Liskov, the first U.S. woman to earn a PhD from a computer science department, was recognized for helping make software more reliable, consistent and resistant to errors and hacking. She is only the second woman to receive the honor, which carries a $250,000 purse and is often described as the “Nobel Prize in computing.”
“Computer science stands squarely at the center of MIT’s identity, and Institute Professor Barbara Liskov’s unparalleled contributions to the field represent an MIT ideal: groundbreaking research with profound benefits for humankind. We take enormous pride that she has received the Turing Award,” said MIT President Susan Hockfield.

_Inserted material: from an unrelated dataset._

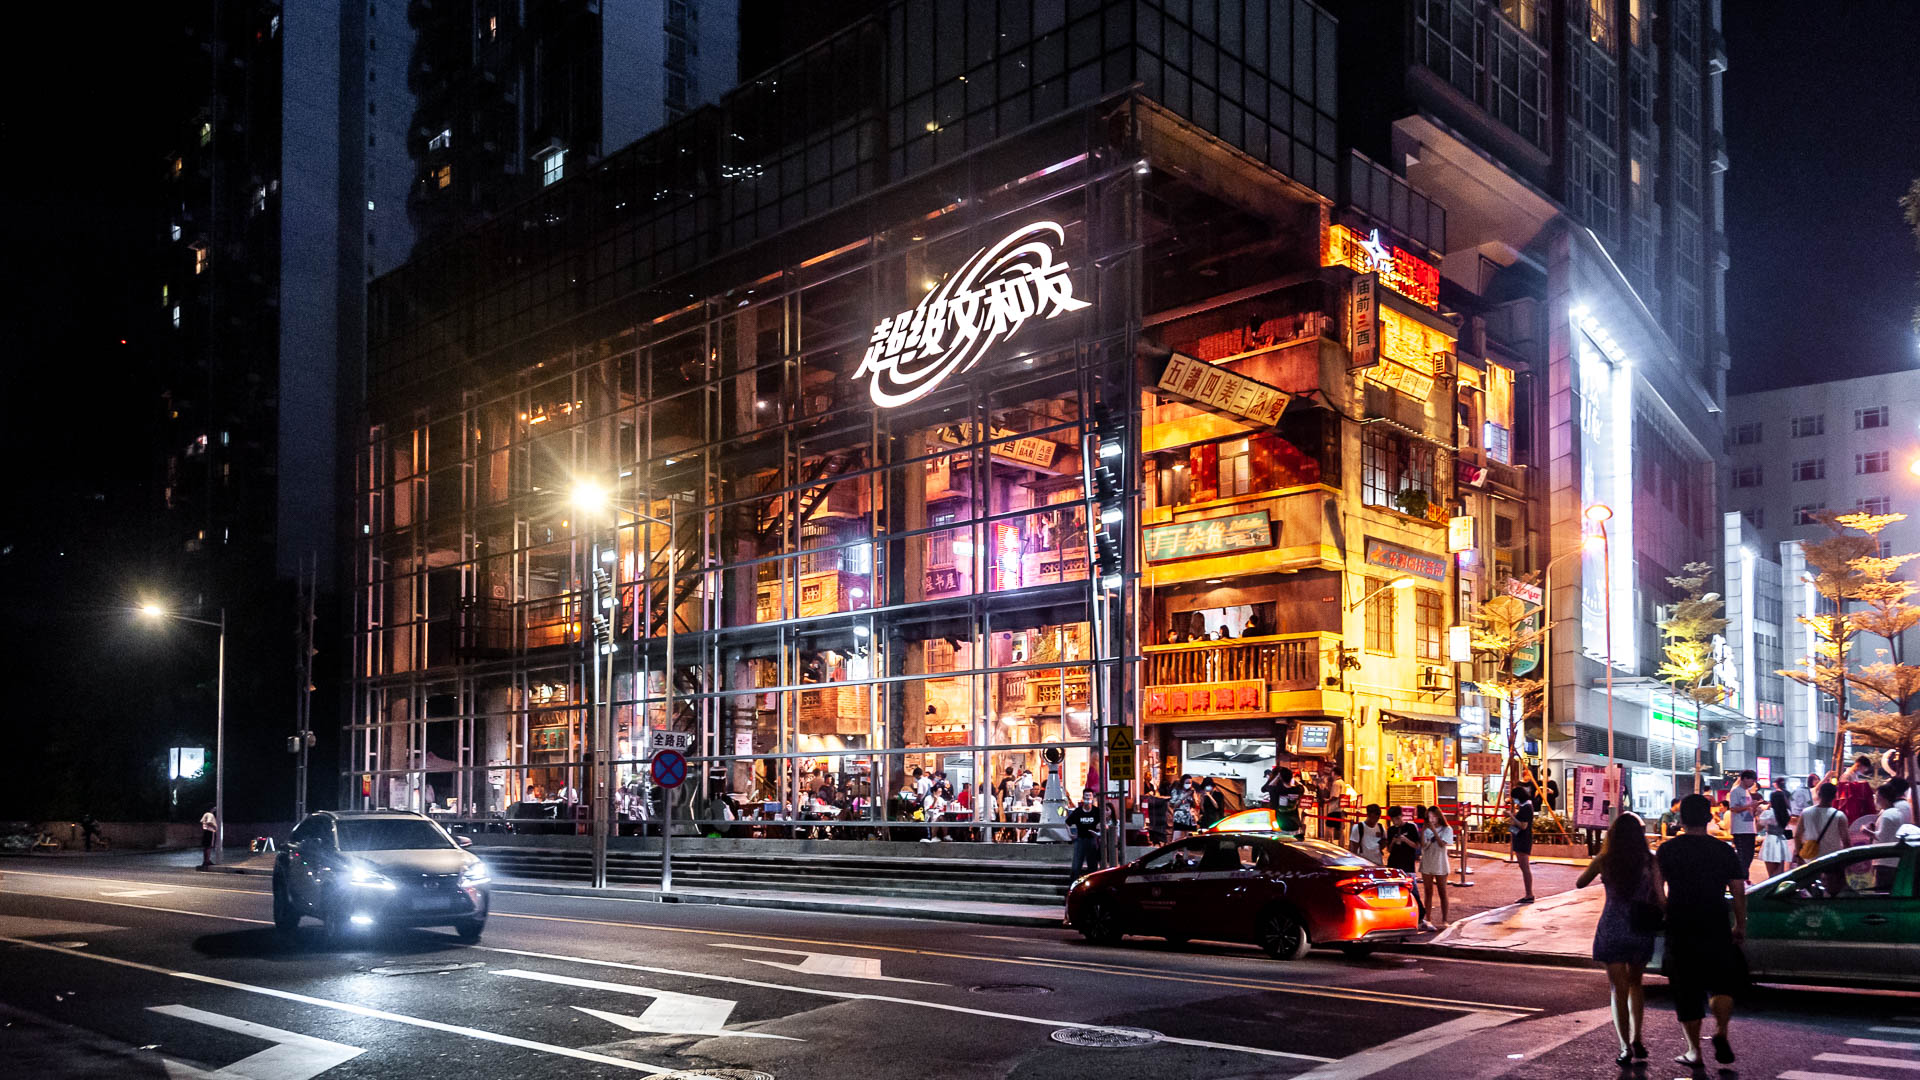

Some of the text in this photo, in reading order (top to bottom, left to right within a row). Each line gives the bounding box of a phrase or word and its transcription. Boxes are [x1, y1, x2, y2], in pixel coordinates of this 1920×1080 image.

“Barbara Liskov pioneered some of the most important advances in fundamental computer science,” said Provost L. Rafael Reif. “Her exceptional achievements have leapt from the halls of academia to transform daily life around the world. Every time you exchange e-mail with a friend, check your bank statement online or run a Google search, you are riding the momentum of her research.”
The Turing Award is given annually by the Association for Computing Machinery and is named for British mathematician Alan M. Turing, who helped the Allies crack the Nazi Enigma cipher during World War II.